How We Calculate Name Frequency

Data Sources

We use two authoritative U.S. government datasets:

Social Security Administration (SSA)

National baby name statistics from 1880 to present, plus state-level data. Covers every registered birth in the United States. Names with fewer than 5 occurrences in a year are excluded for privacy.

U.S. Census Bureau

Surname frequency data from the decennial census, including per-100,000 frequency rates and ancestry/ethnicity breakdowns. We use the most recent available year (typically 2010 or 2020).

Estimating Living Americans with a First Name

The SSA provides birth counts, not living population counts. To estimate the number of living Americans with a given first name, we apply approximate survival rates to each birth cohort:

estimated_living = sum over all years of:

births_in_year x survival_rate(year)

Survival rates are derived from simplified U.S. life tables. For example, someone born in 1960 (age ~65) has an estimated ~88% chance of being alive today, while someone born in 1940 (age ~85) has roughly 50%.

The first name frequency is calculated as the ratio of recent births (since 1940) for that name to total recent births across all names.

Estimating Full Name Combinations

To estimate how many people share a specific first + last name combination, we use the statistical independence formula:

P(full name) = P(first name) x P(last name)

estimate = P(full name) x U.S. population

Where P(first name) is the first name frequency among living Americans, and P(last name) is the surname frequency from Census data (prop100k / 100,000). The current U.S. population used is approximately 335,893,238.

The Independence Assumption

This method assumes that first names and last names are statistically independent. In reality, there can be correlations:

  • Cultural naming patterns may link certain first names with certain ethnic surnames
  • Regional naming trends may correlate with regional surname distributions
  • Generational trends in first names may not perfectly align with surname distributions

For most common name combinations, the independence assumption produces reasonable estimates. For names strongly associated with specific ethnic or cultural groups, the estimate may be less accurate.

Average Age Estimation

Average age is calculated by weighting each birth year by both the number of births and the survival probability:

avg_age = sum(age x births x survival) / sum(births x survival)

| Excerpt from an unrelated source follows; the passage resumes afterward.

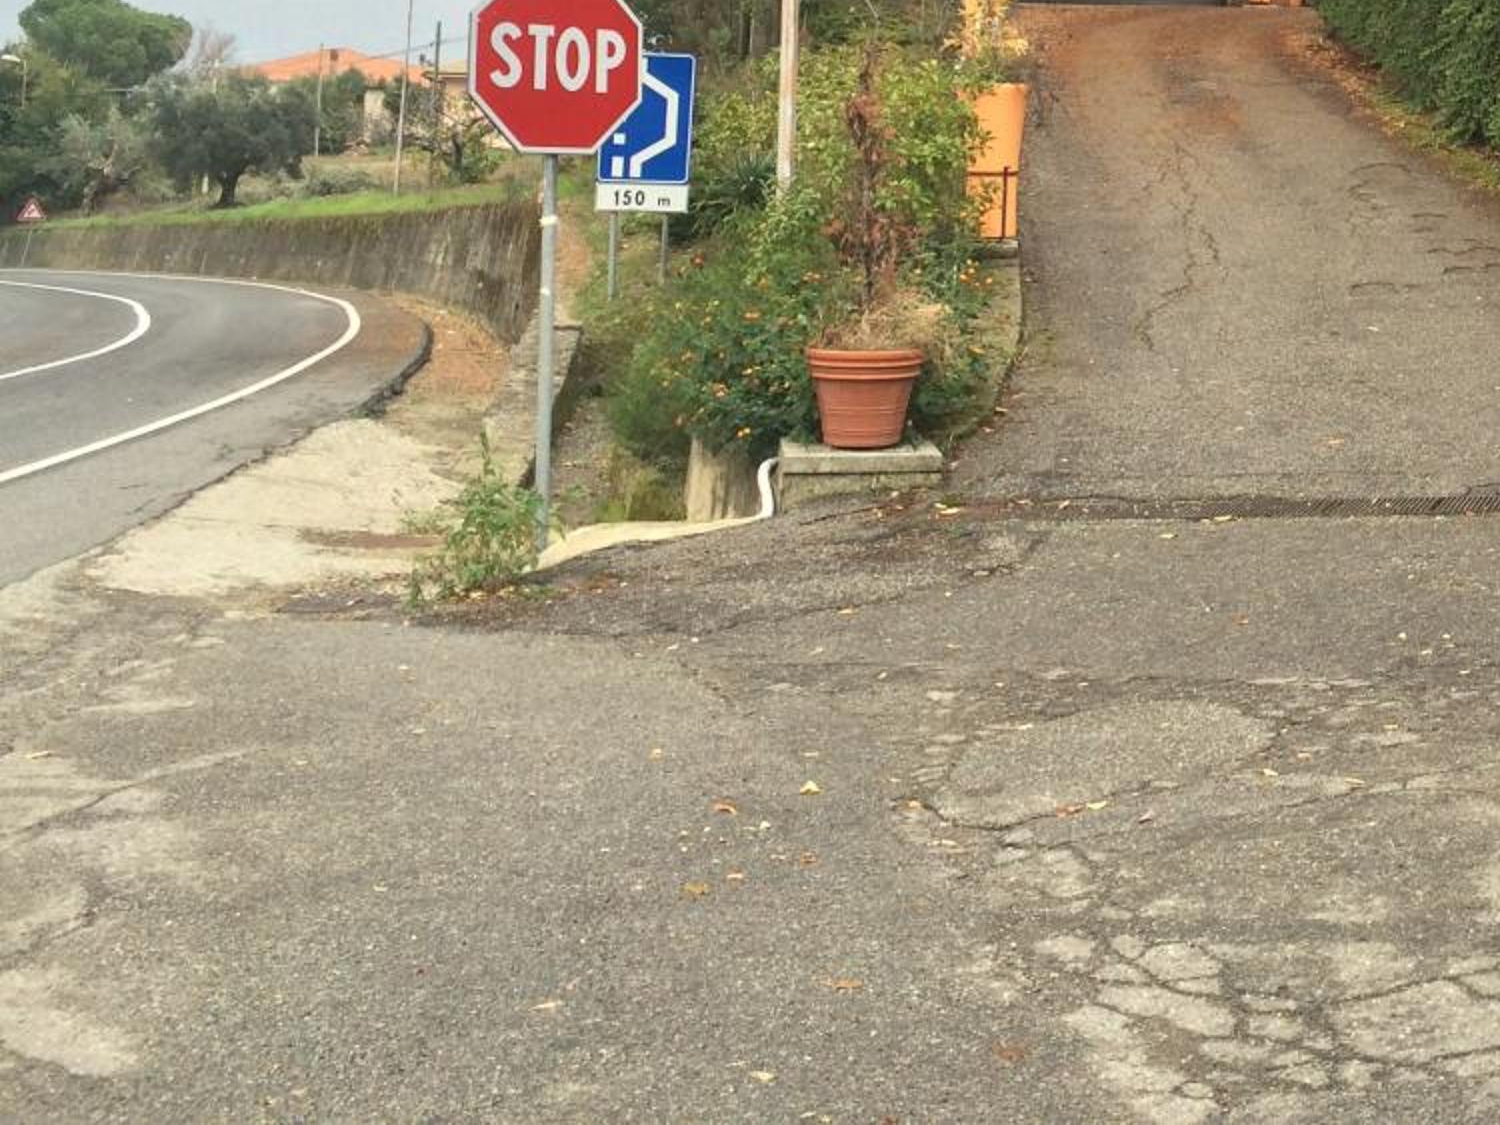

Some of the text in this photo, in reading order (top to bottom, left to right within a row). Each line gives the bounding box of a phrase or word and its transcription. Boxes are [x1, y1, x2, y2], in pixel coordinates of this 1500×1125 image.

This accounts for the fact that names popular in earlier decades have older average bearers, and mortality reduces the weight of very old cohorts.

Rarity Classification

Classification Estimated Living Bearers
Very Common500,000+
Common100,000 to 499,999
Uncommon10,000 to 99,999
Rare1,000 to 9,999
Very RareUnder 1,000

Limitations

  • All figures are statistical estimates, not official counts
  • SSA data only covers U.S. births, not immigrants who received their names abroad
  • Names with fewer than 5 births per year are excluded from SSA data
  • Census surname data is released on a decennial basis and may lag current demographics
  • Name changes (marriage, legal changes) are not reflected in birth records
  • The survival model uses simplified life tables, not age/sex/race-specific rates

Privacy

All data used is publicly available from U.S. government sources. No individual-level data is used or stored. Search queries are processed in real time and are not logged.